Certain types of movements are partially resistant, but also problematic. Fundamentalism spearheads resistance to capitalist capitulation. But by closing the doors of interpretation, it represses the desire for difference and prevents the emergence of a fully-fledged critique of capitalism. Mafias are a kind of shadow government which emerges from the degeneration of the Pastoral Code (Clastres’s view of indigenous warfare) in struggle against the state.
In ‘The Obelisk‘, Bey argues that resistance movements since the rise of centralized power are based on the gift economy, which preceded this rise. This is less clear today than in the past. But Bey suggests that today’s movements still seek ’empirical freedoms’ defined by the economy of the gift – freedoms such as the absence of oppression, conviviality, bodily or spiritual pleasure, peace, plenty, equality, and so on. These same values appear in immemorial ‘rights and customs’, in the politics of desire, and in movements such as tactical media.

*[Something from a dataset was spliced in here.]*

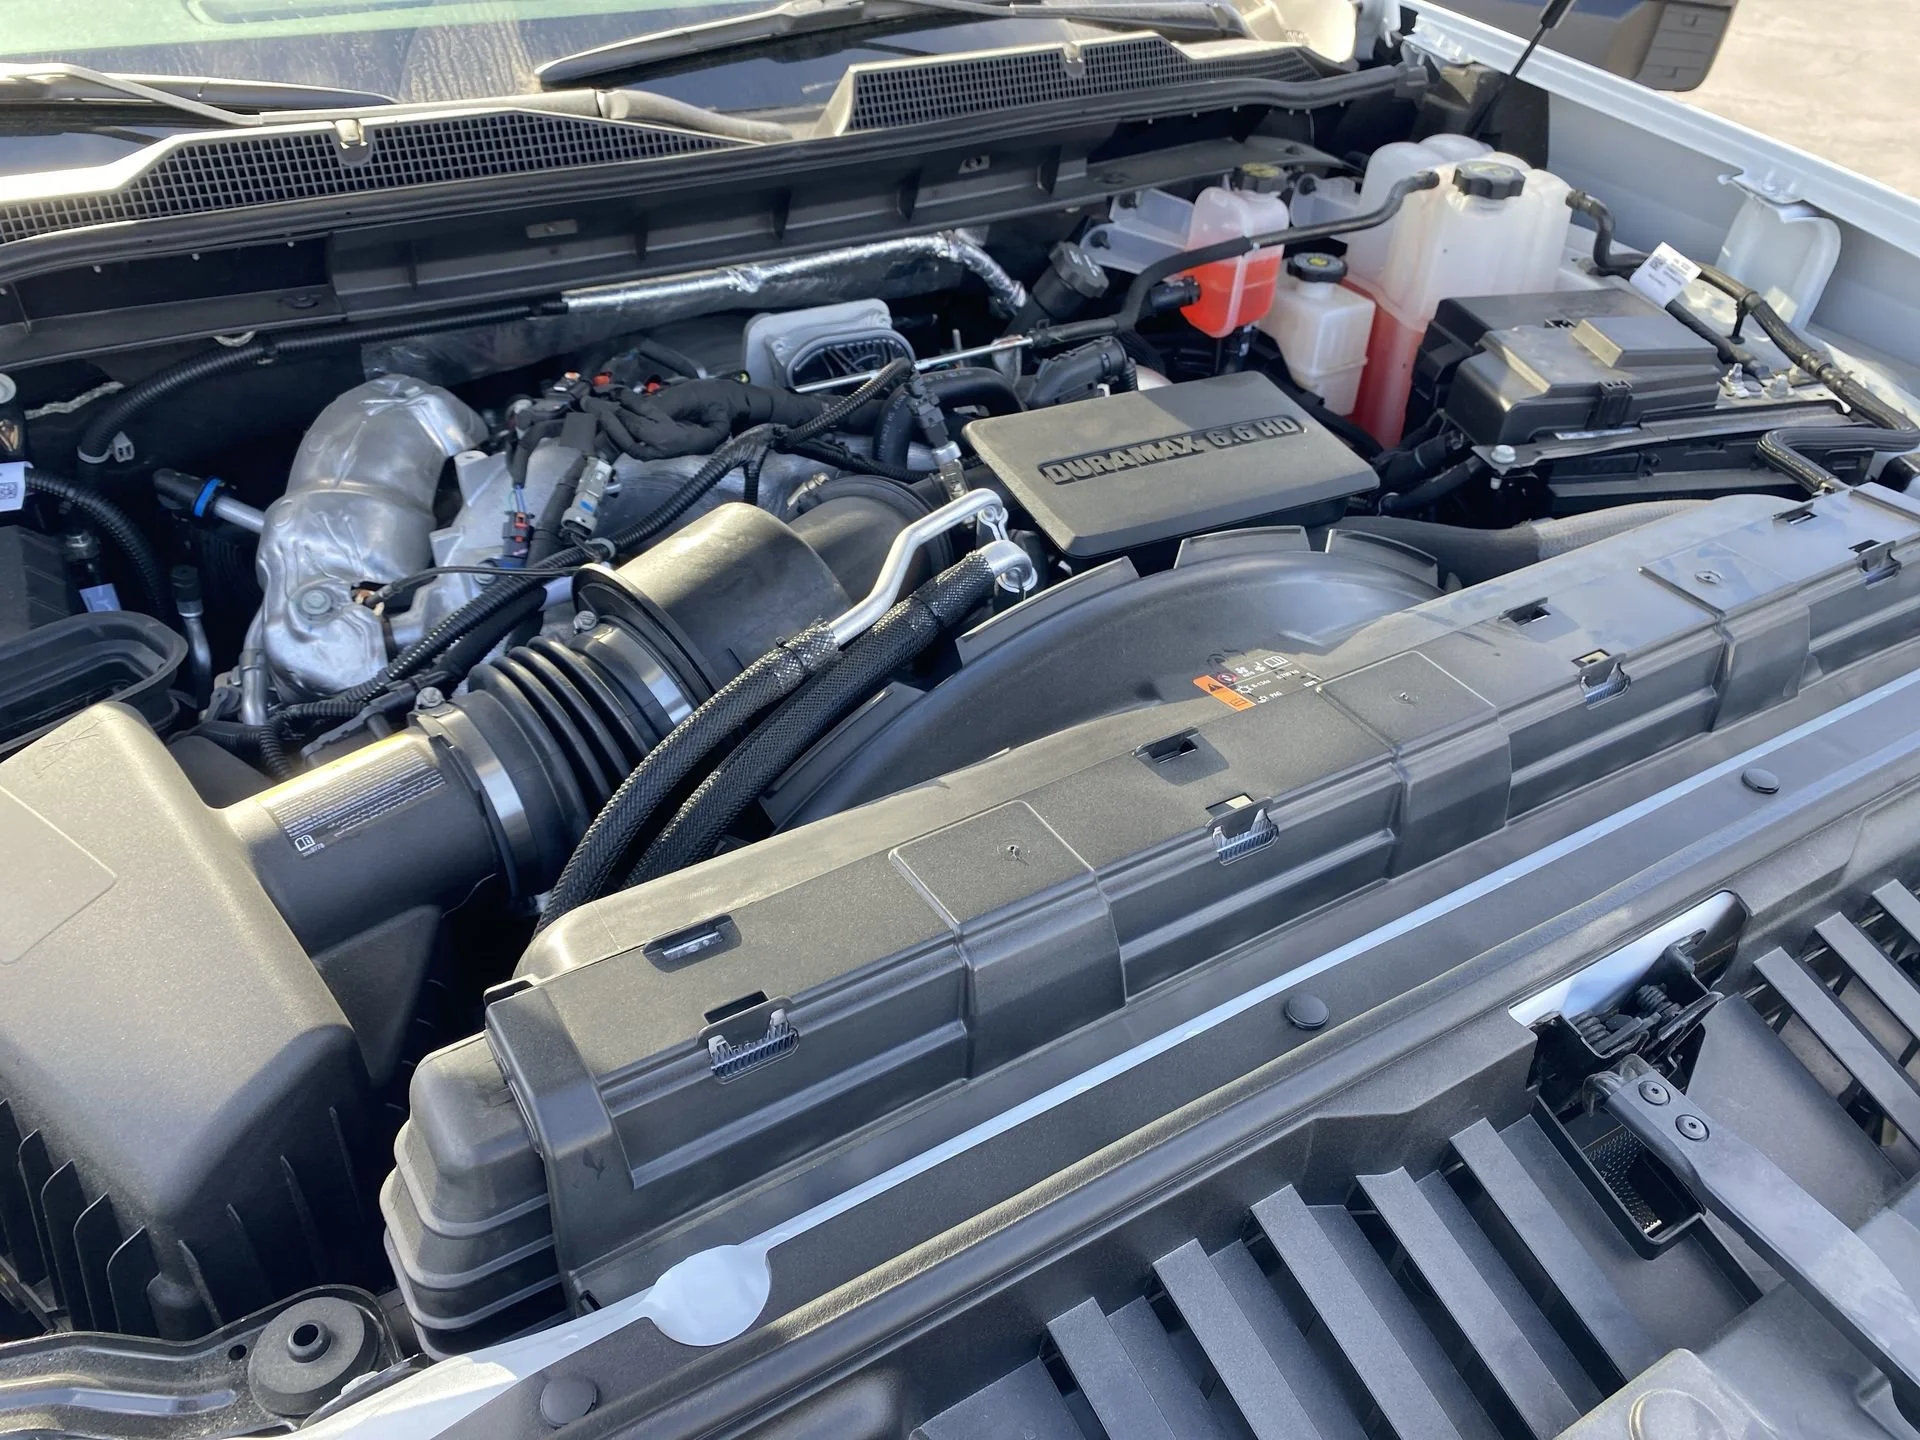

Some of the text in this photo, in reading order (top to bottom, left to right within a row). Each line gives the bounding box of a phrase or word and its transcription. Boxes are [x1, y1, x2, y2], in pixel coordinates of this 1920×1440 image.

[1043, 417, 1300, 484] DURAMAX 6.6 HD

From 2004 onwards, Bey has been increasingly interested in ecology as the site of altered consciousness. He has developed the idea of ‘Green Hermeticism’ as a potential philosophical matrix for ecology. He has also written a series of ecologically inflected works, such as Riverpeople and Ec(o)logues. Such works combine intense appreciation for local ecological sites with Bey’s older themes of mysticism, autonomy, disalienation, altered consciousness, and alternative history.
Other recent works have a more pessimistic tone. In Escape from the Nineteenth Century, Bey suggests that the present feels as if history has stopped, and we are trapped in the ruins of time. In ‘Seduction of the Cyber Zombies‘, Bey suggests that a desperate global war is coming, between global capital and a worldfull of individuals and groups. The best we can hope is that it be a peaceful war, like Sorel’s General Strike. But we should prepare for the worst. In another piece, Bey predicts that the situation will become very ugly when capital is finally opposed.
If one finds oneself in a zone of depletion, or No Go Zone, one’s prospects for autonomy increase with the withdrawal of power into the virtual. Such zones are unlikely to be able to assert political autonomy. However, there are possibilities for freedom in everyday life. Today, such zones are already vacuums of control, but mostly suffer ‘negative chaos’. To become emancipatory sites, they need to be filled with ‘positive chaos’. Such possibilities depend on an appropriate model of the economy and the social. Bey suggests this might operate as a kind of borderless bricolage, a ‘melange of whatever works’. Technology is likely to be low-tech and ad-hoc, but ‘more human than green’. It should be constructed to resist hierarchy through each person’s will to power. Failure may be the last refuge from the ‘Capitalist heaven‘ of simulation. One can at least be a beautiful spirit doomed to fail, rather than an ugly one.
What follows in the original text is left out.